DATA FOR THE TASK:
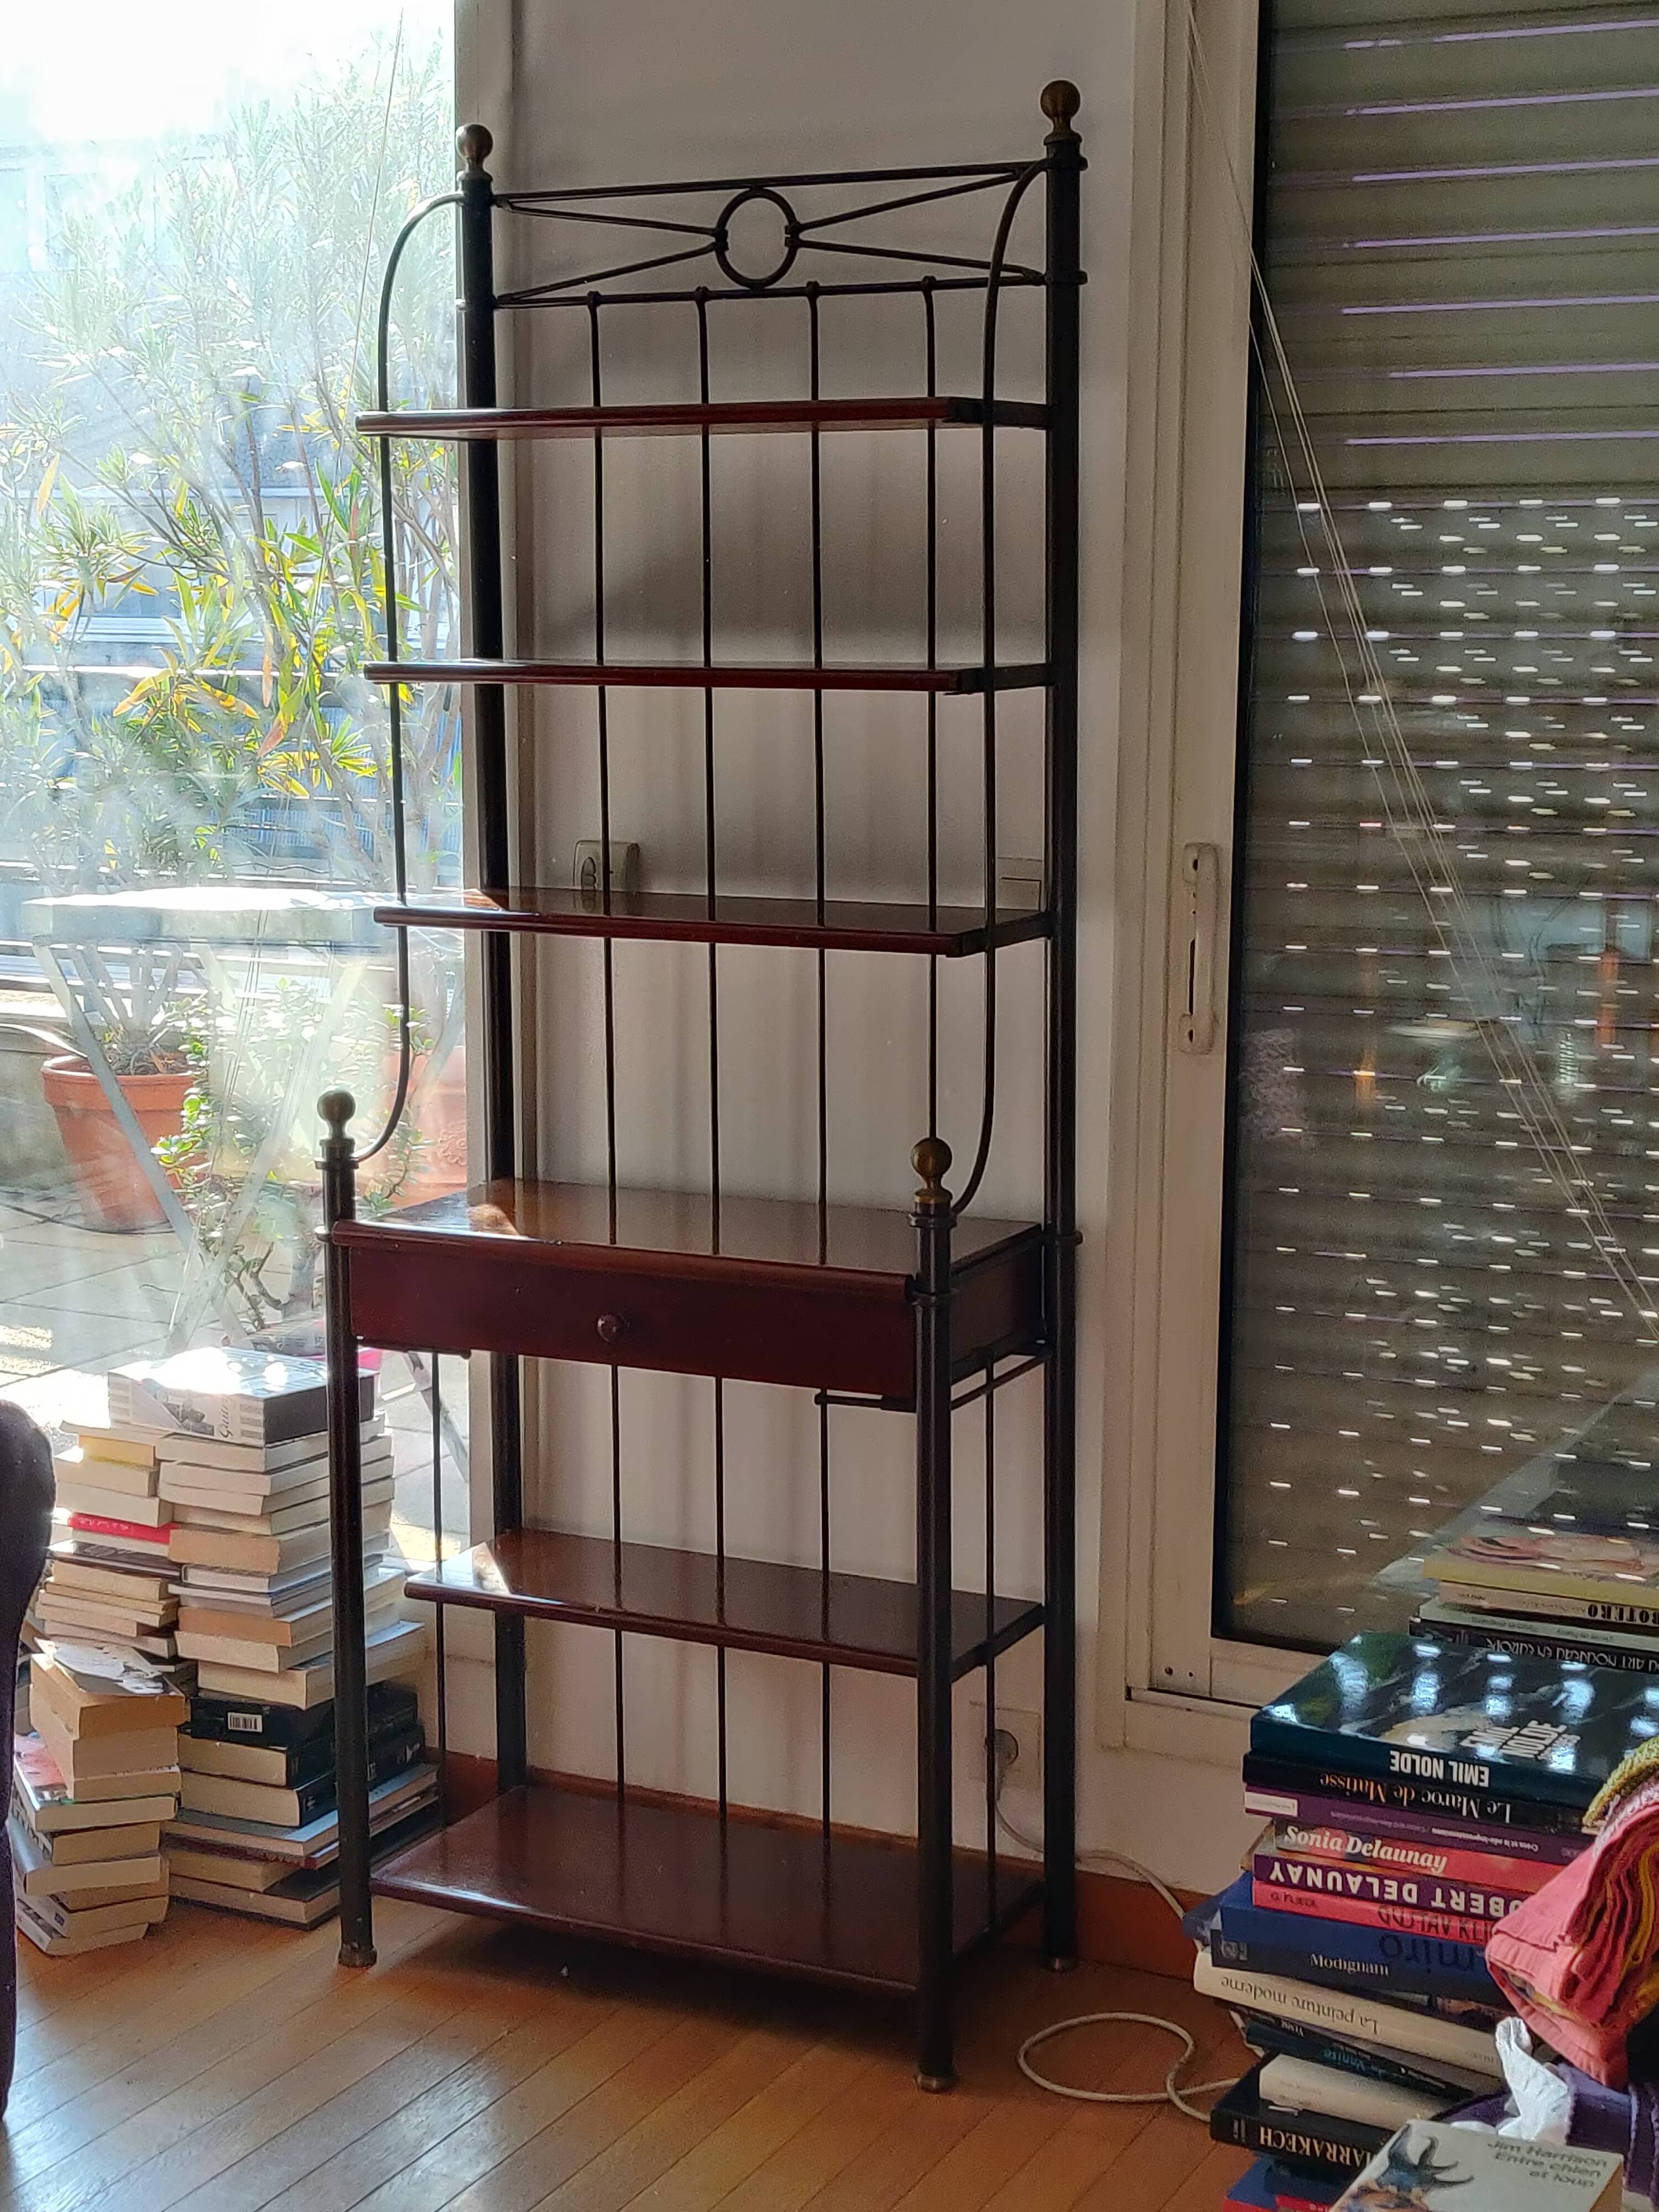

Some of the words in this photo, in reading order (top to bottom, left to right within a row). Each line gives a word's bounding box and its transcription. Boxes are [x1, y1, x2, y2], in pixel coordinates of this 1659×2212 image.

[1588, 1604, 1659, 1627] BOTERO
[1486, 1637, 1535, 1655] EUROPE
[1556, 1647, 1617, 1666] NOUVEAU
[1622, 1655, 1645, 1670] ART
[1499, 1720, 1567, 1758] NOLDE
[1390, 1750, 1444, 1780] NOLDE
[1448, 1760, 1489, 1787] EMIL
[1320, 1772, 1387, 1803] Matisse
[1394, 1786, 1415, 1807] de
[1422, 1791, 1480, 1818] Maroc
[1486, 1800, 1512, 1823] Le
[1284, 1825, 1345, 1850] Sonia
[1345, 1835, 1448, 1875] Delaunay
[1269, 1860, 1418, 1904] DELAUNAY
[1310, 1953, 1390, 1976] Modigliani
[1220, 1976, 1287, 2005] moderne
[1291, 1996, 1355, 2023] peinture
[1360, 2016, 1381, 2034] La
[1487, 2141, 1521, 2152] Jim
[1526, 2146, 1607, 2168] Harrison
[1494, 2152, 1545, 2166] Entre
[1550, 2163, 1601, 2178] chien
[1553, 2174, 1595, 2188] loup
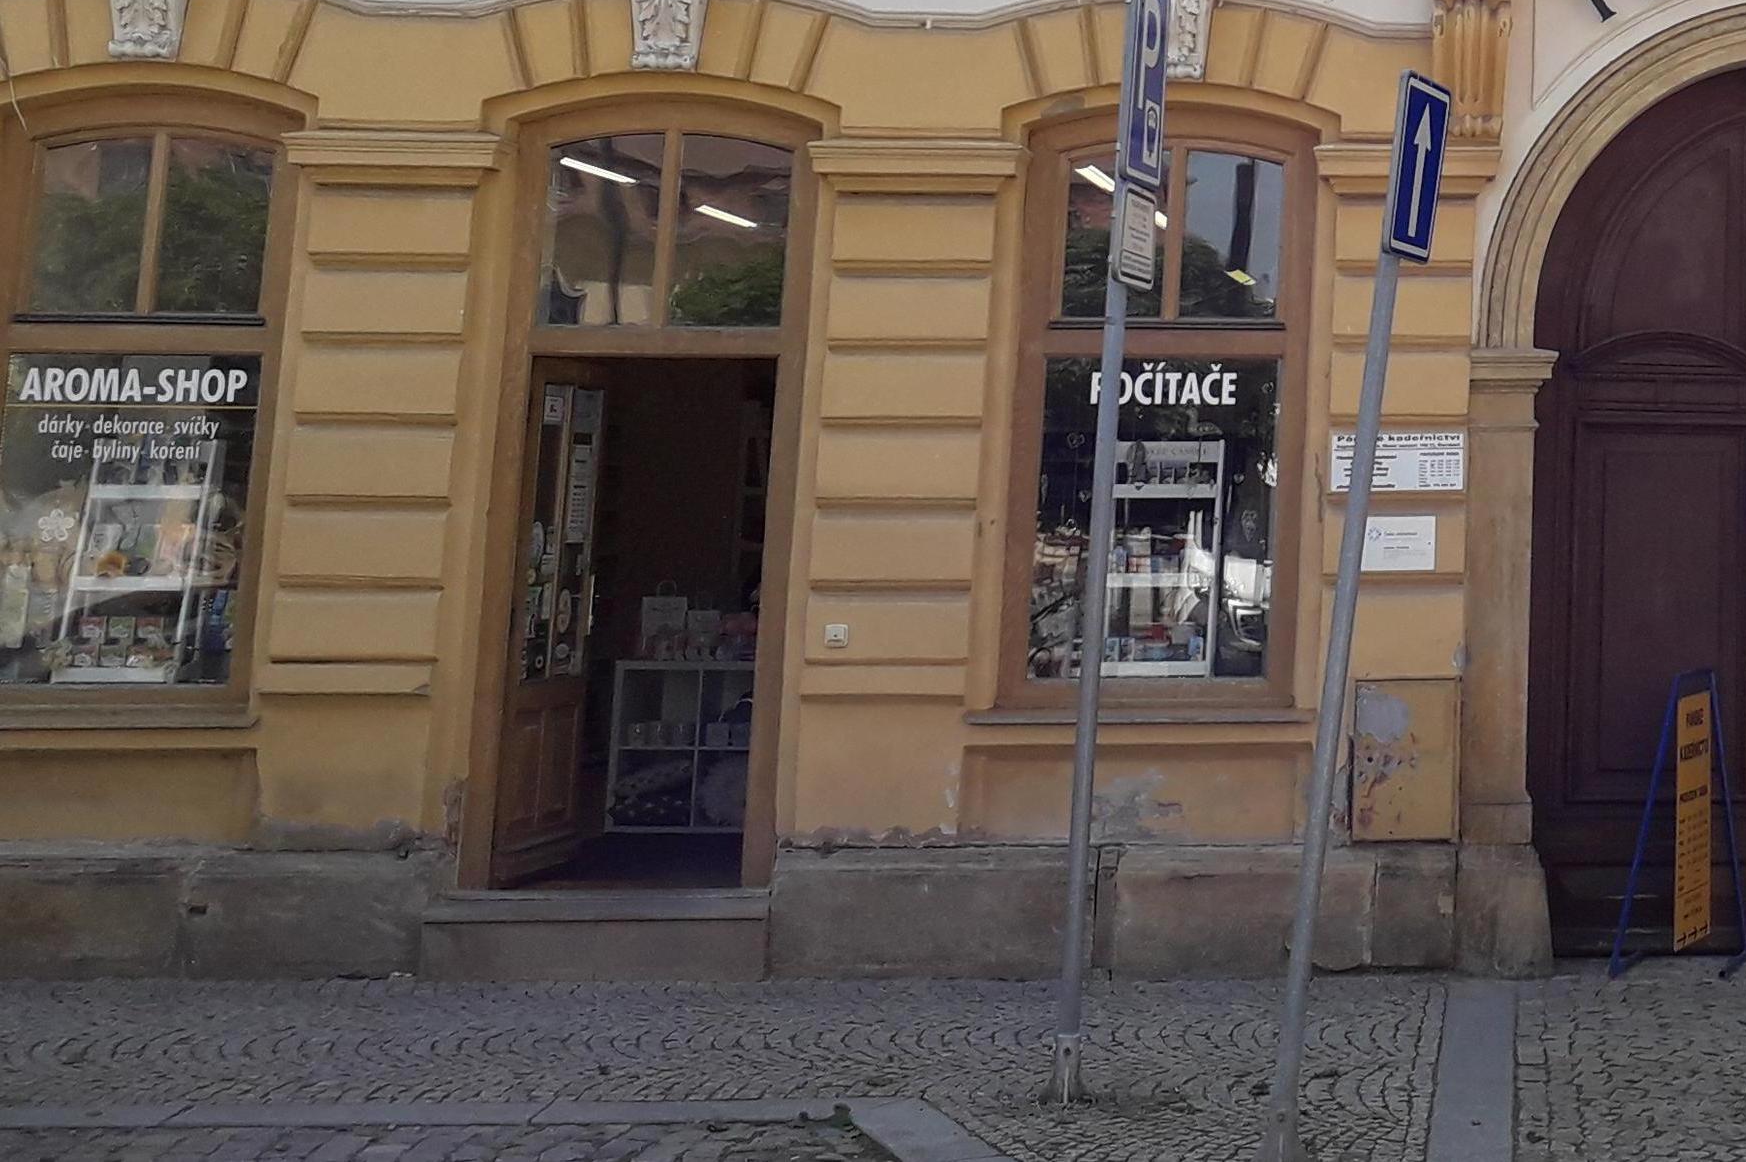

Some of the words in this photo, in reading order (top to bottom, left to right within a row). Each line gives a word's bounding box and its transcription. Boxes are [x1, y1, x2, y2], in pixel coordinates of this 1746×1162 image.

[19, 367, 248, 403] AROMA-SHOP
[38, 414, 86, 438] dárky
[93, 416, 164, 436] dekorace
[173, 416, 220, 438] svíčky
[51, 440, 82, 463] čaje
[92, 440, 141, 464] byliny
[150, 440, 201, 461] koření
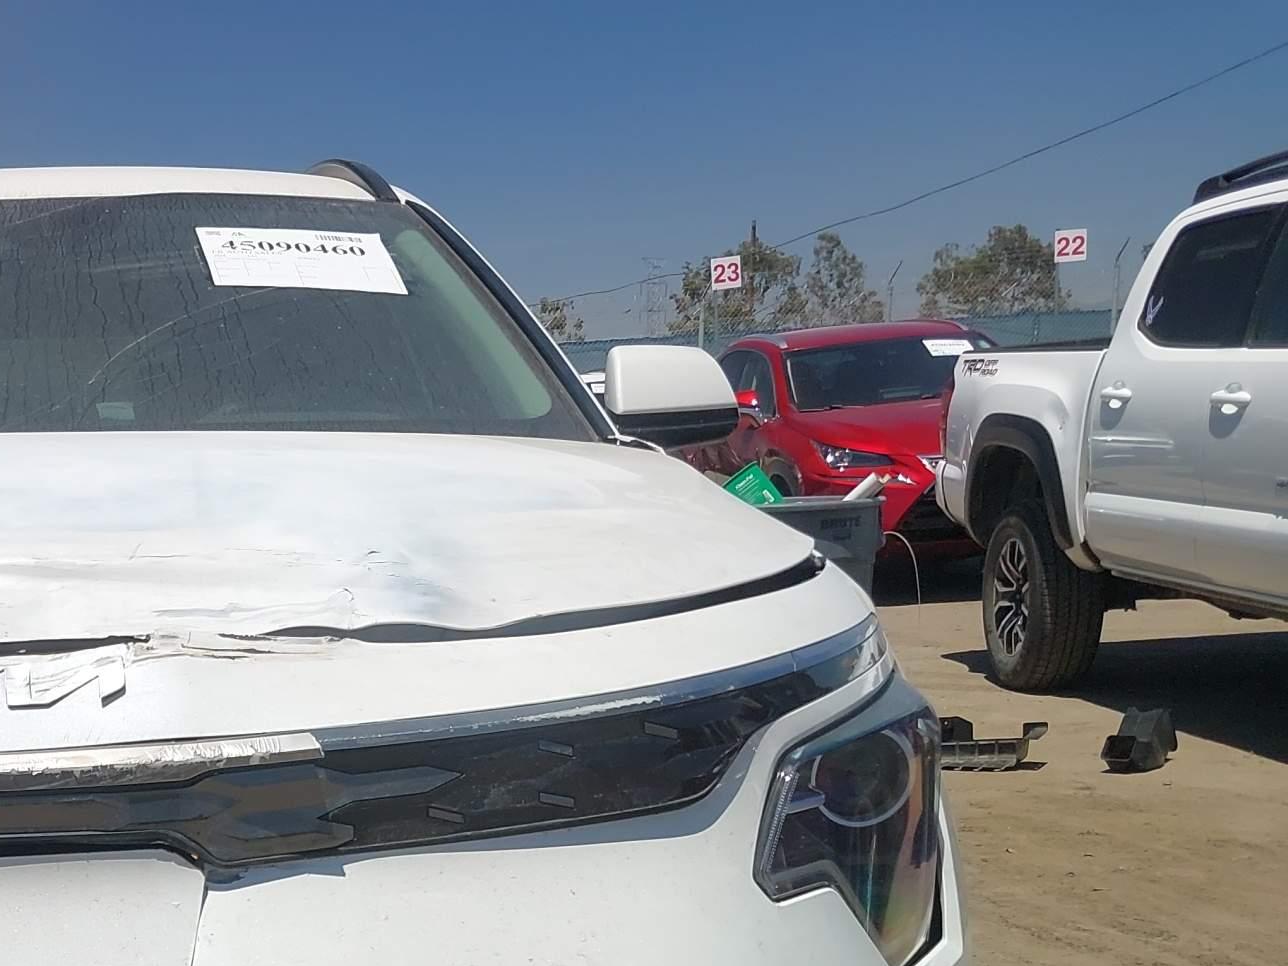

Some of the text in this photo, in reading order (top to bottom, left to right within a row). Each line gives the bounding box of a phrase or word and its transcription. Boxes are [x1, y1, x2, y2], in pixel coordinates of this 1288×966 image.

[221, 240, 366, 256] 45090460
[1057, 236, 1085, 257] 22
[713, 262, 740, 284] 23
[962, 359, 985, 376] TRD
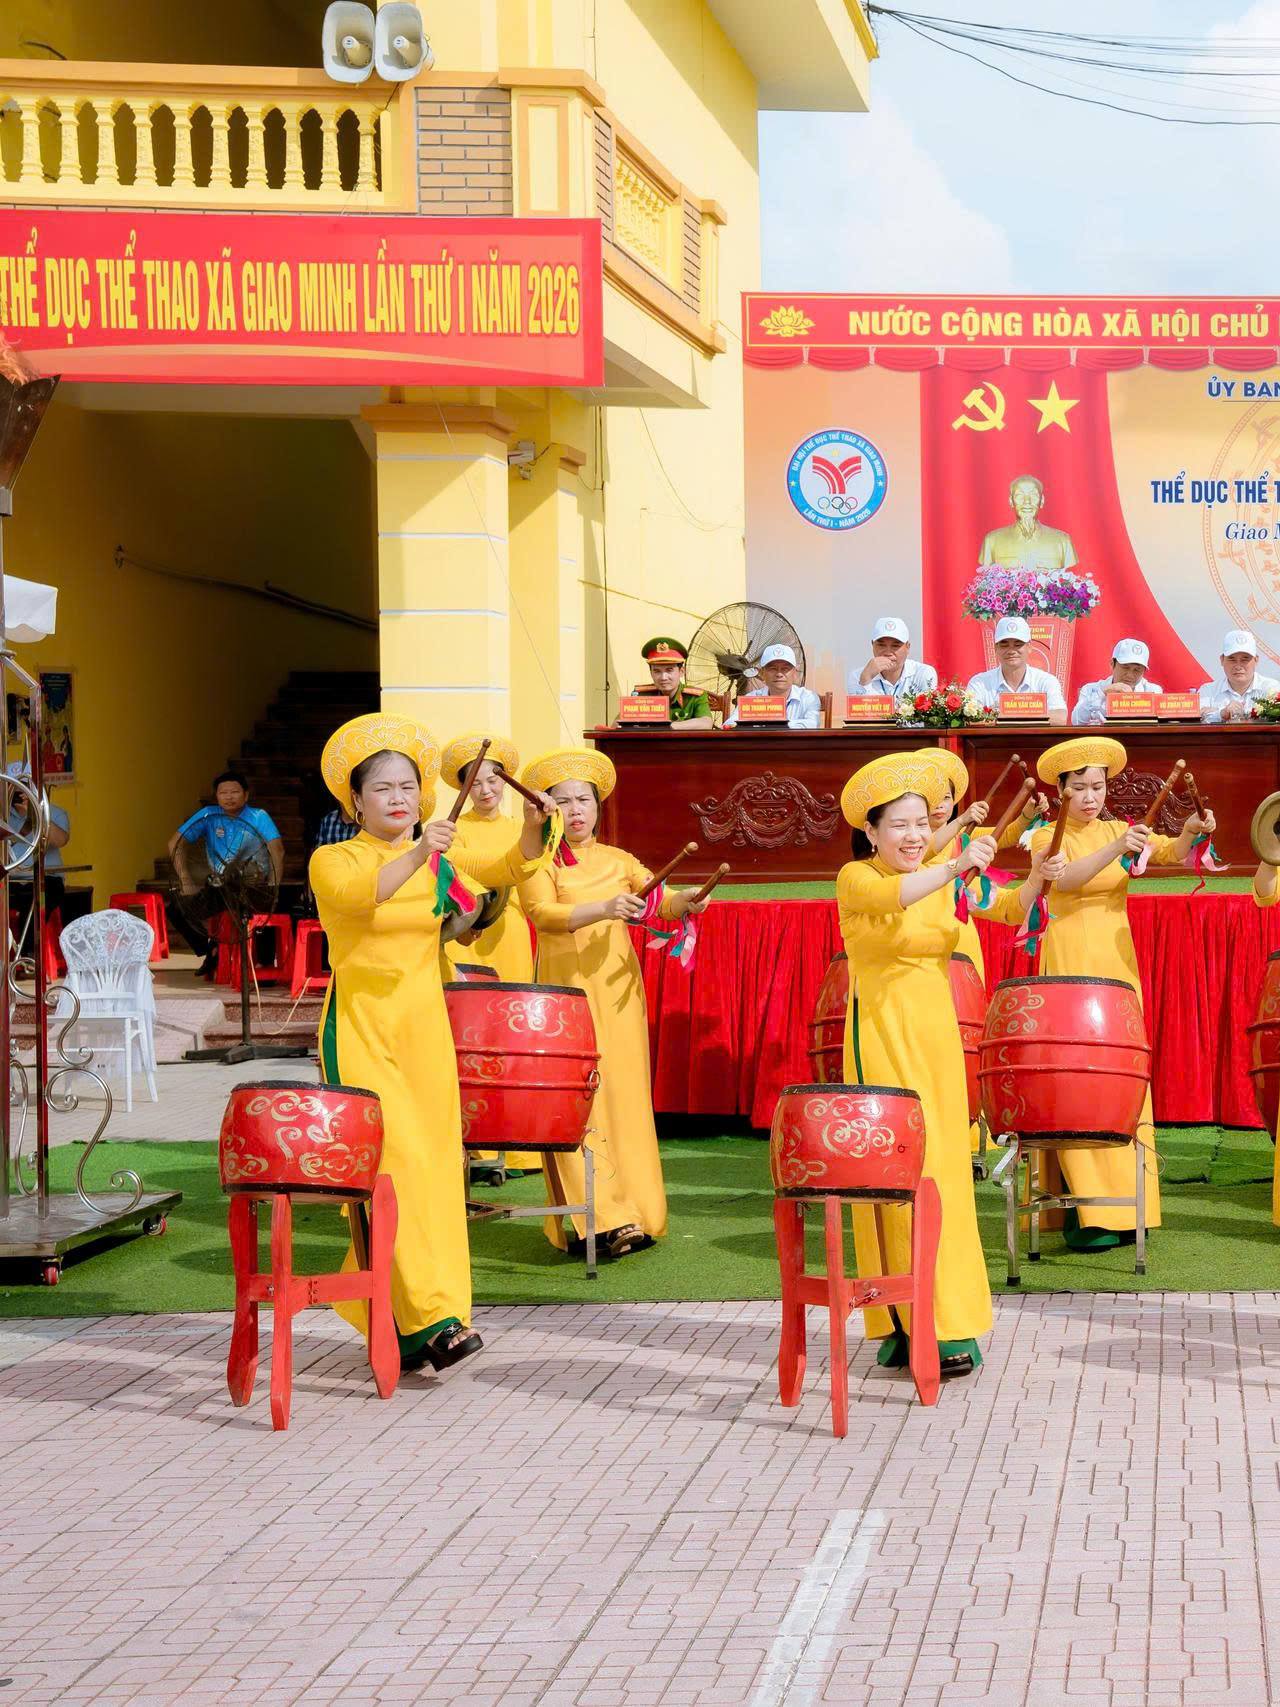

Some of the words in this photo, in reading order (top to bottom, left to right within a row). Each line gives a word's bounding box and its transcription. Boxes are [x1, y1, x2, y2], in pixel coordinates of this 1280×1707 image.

ACTIVITY:
Your answer must be an exact copy of the records above, with every picture left out.

RESPONSE TO THE TASK:
Some of the words in this photo, in reading order (top to bottom, left to right within a row). Each line gives a word's bounding box and its transcription. Boxes are [x1, y1, x2, y2], in pixel coordinates of this 1659×2212 image.

[1588, 1604, 1659, 1627] BOTERO
[1486, 1637, 1535, 1655] EUROPE
[1556, 1647, 1617, 1666] NOUVEAU
[1622, 1655, 1645, 1670] ART
[1499, 1720, 1567, 1758] NOLDE
[1390, 1750, 1444, 1780] NOLDE
[1448, 1760, 1489, 1787] EMIL
[1320, 1772, 1387, 1803] Matisse
[1394, 1786, 1415, 1807] de
[1422, 1791, 1480, 1818] Maroc
[1486, 1800, 1512, 1823] Le
[1284, 1825, 1345, 1850] Sonia
[1345, 1835, 1448, 1875] Delaunay
[1269, 1860, 1418, 1904] DELAUNAY
[1310, 1953, 1390, 1976] Modigliani
[1220, 1976, 1287, 2005] moderne
[1291, 1996, 1355, 2023] peinture
[1360, 2016, 1381, 2034] La
[1487, 2141, 1521, 2152] Jim
[1526, 2146, 1607, 2168] Harrison
[1494, 2152, 1545, 2166] Entre
[1550, 2163, 1601, 2178] chien
[1553, 2174, 1595, 2188] loup

Some of the words in this photo, in reading order (top to bottom, left to right within a row). Each line gives a word's bounding box and its transcription. Boxes are [x1, y1, x2, y2], in pixel coordinates of this 1746×1162 image.

[19, 367, 248, 403] AROMA-SHOP
[38, 414, 86, 438] dárky
[93, 416, 164, 436] dekorace
[173, 416, 220, 438] svíčky
[51, 440, 82, 463] čaje
[92, 440, 141, 464] byliny
[150, 440, 201, 461] koření

Some of the text in this photo, in reading order (top to bottom, left to right within a row). Each line gives the bounding box of a phrase or word and its transcription. Boxes are [x1, y1, x2, y2], in pixel coordinates of this 1288×966 image.

[221, 240, 366, 256] 45090460
[1057, 236, 1085, 257] 22
[713, 262, 740, 284] 23
[962, 359, 985, 376] TRD

Some of the words in this photo, in reading order (top to bottom, left to right within a row). Each line gives a word's bounding box and its transcription. Boxes are [x1, y1, x2, y2], in pixel coordinates of this 1280×1707 image.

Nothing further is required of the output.